Search
Search

morning brief

Israeli strike on Bint Jbeil, Parliament 2024 budget meeting, depositors’ rights activists protest: Everything you need to know to start your Monday

Here’s what happened over the weekend and what to expect today, Monday, Jan. 22.

Israeli strike on Bint Jbeil, Parliament 2024 budget meeting, depositors’ rights activists protest: Everything you need to know to start your Monday

People watch as smoke billows over hills near the southern Lebanese village of Adaisseh on the border with Israel on Jan. 20, 2024 during Israeli bombardment, as fighting continues between Israel and the Palestinian militant group Hamas in Gaza. (Credit: AFP)

Want to get the Morning Brief by email?

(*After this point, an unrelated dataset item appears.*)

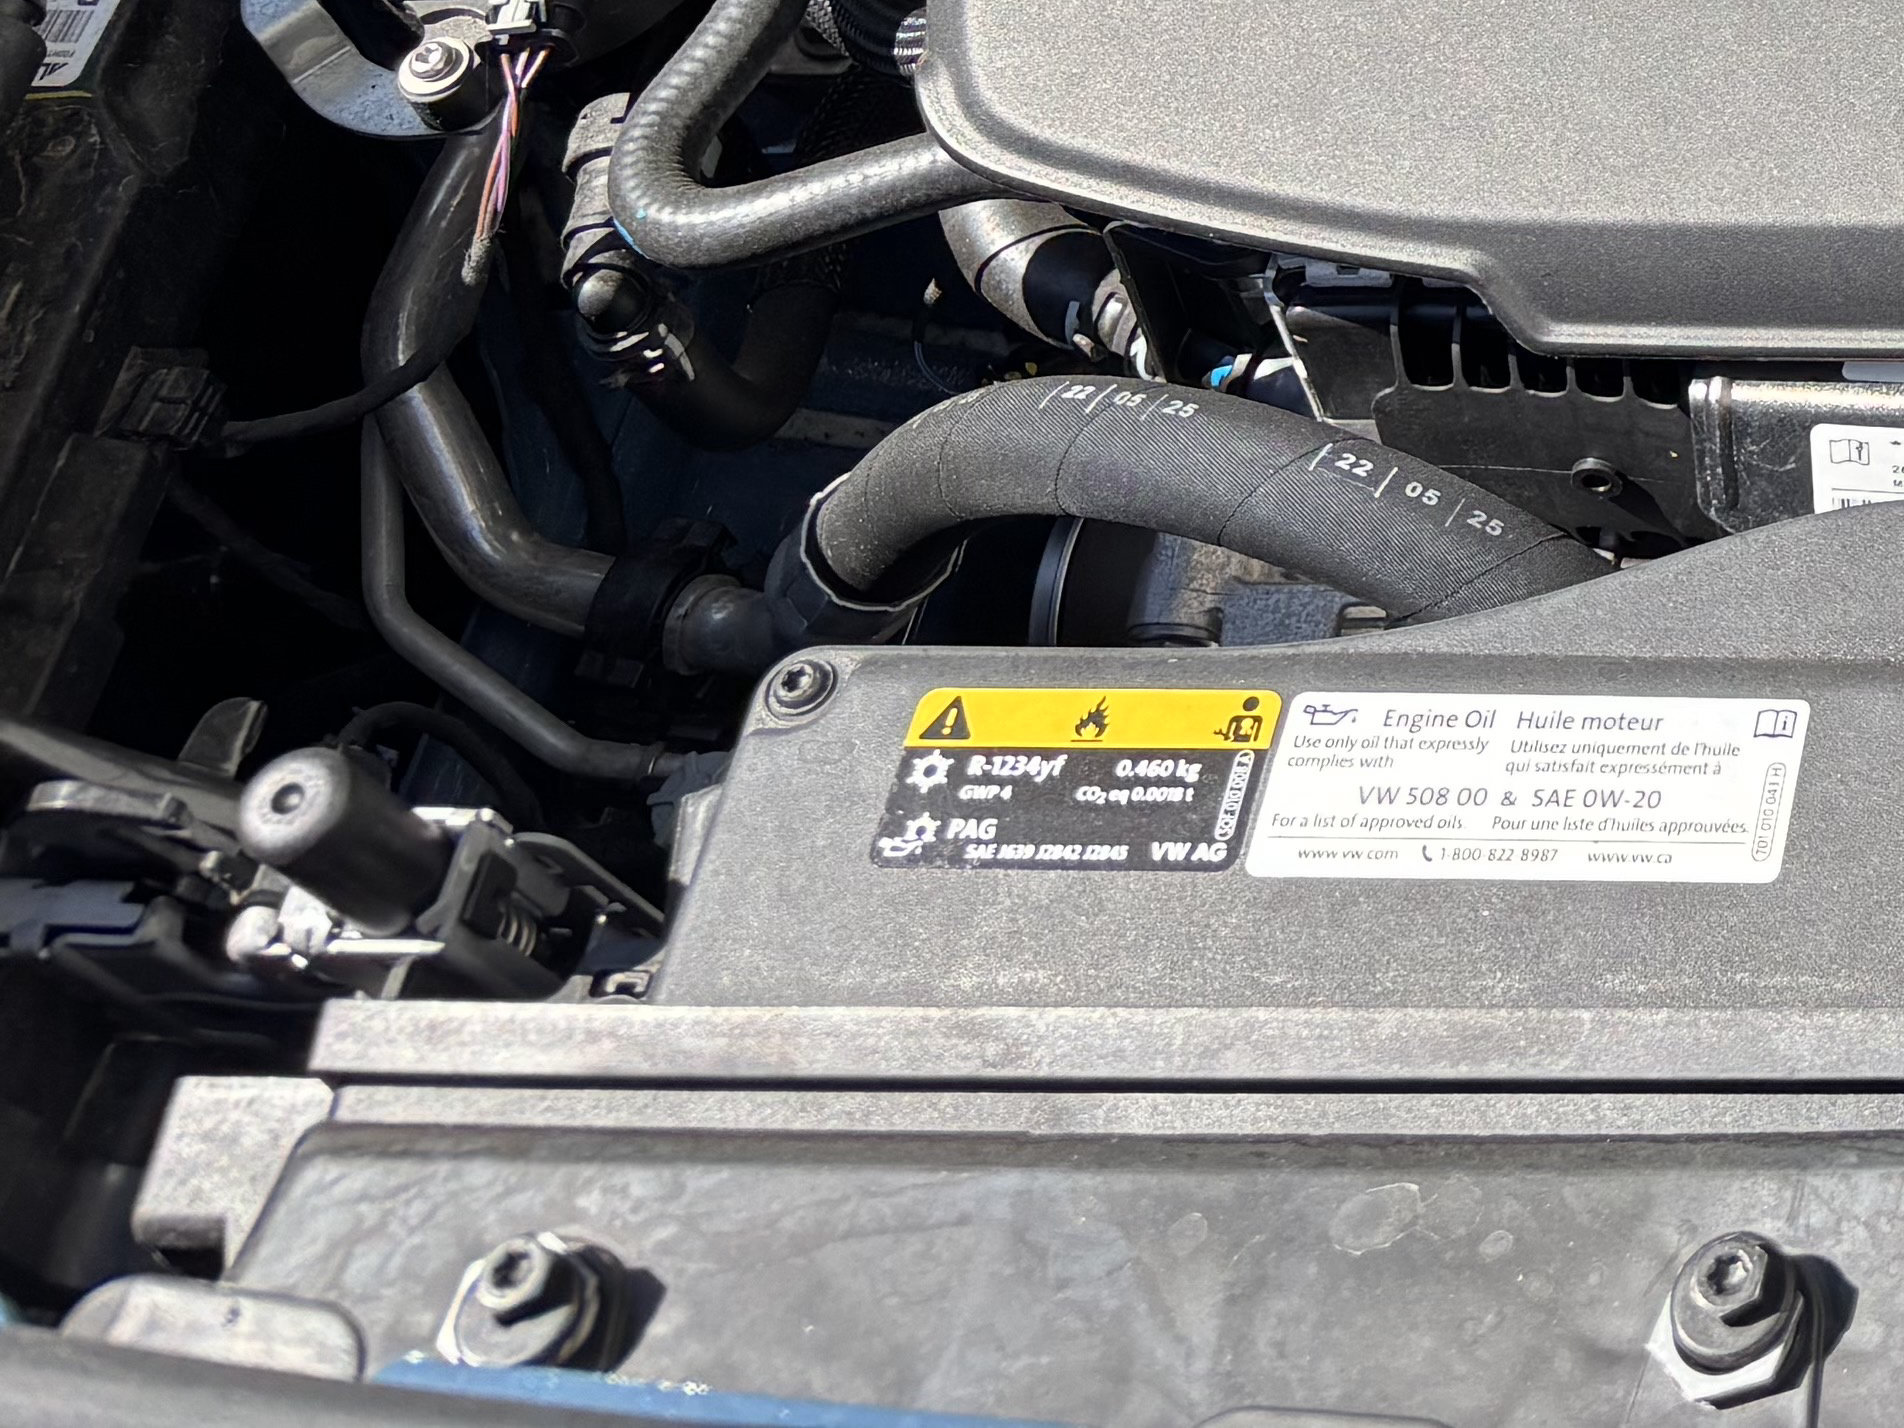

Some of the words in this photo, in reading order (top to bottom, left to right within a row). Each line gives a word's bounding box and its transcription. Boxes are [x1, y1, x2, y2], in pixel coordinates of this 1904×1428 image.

Click here to sign up.

Catch up on our LIVE coverage of Day 105, Day 106 and Day 107 of the Israel-Hamas war.

An Israeli drone strike yesterday near a Lebanese Army roadblock in Kafra, Bint Jbeil killed at least two people and injured at least seven others, including a woman who was hospitalized for severe wounds and later succumbed to her injuries, L’Orient Today’s correspondent in the area reported. Security sources told Reuters that the two people killed in the strike were Hezbollah fighters although, since the strike, Hezbollah has only announced the death of one of its members. On Saturday, a similar attack targeting a car near Sour killed two people, one of whom was a Hezbollah member. At least 164 Hezbollah members have been killed since Oct. 8, by our count. The Hezbollah-affiliated Islamic Health Organization yesterday announced that an Israeli attack on one of their centers in Kfar Kila injured two rescuers and destroyed three ambulances. On Friday, Israeli air strikes completely destroyed three houses in Kfar Kila, the state-run National News Agency reported. The same day, Hezbollah MP Mohammad Raad, whose son was killed in an Israeli attack last November, threatened Israel that it would not be prepared for a war with Hezbollah. The party’s deputy chief, Naim Qassem, warned that Hezbollah was prepared to repel an “endless aggression” by Israel. Hezbollah announced several cross-border strikes on Israeli military targets over the weekend, continuing what the party calls a “support front” for Gaza.

Parliament is scheduled to vote on the 2024 budget this Thursday. Legislators will convene a day earlier to discuss the text after weeks of review by the Parliamentary Finance and Budget Committee. If Parliament passes the text before the end of the month, it will be the first time a budget is passed on time in nearly 20 years. Committee chief Ibrahim Kanaan has repeatedly criticized the budget’s lack of “vision” due to its focus on adjusting and increasing taxes — which he found superfluous if the tax collection rate increases — instead of implementing investments and reforms. During its review, the committee adjusted or removed several levies originally included in the government.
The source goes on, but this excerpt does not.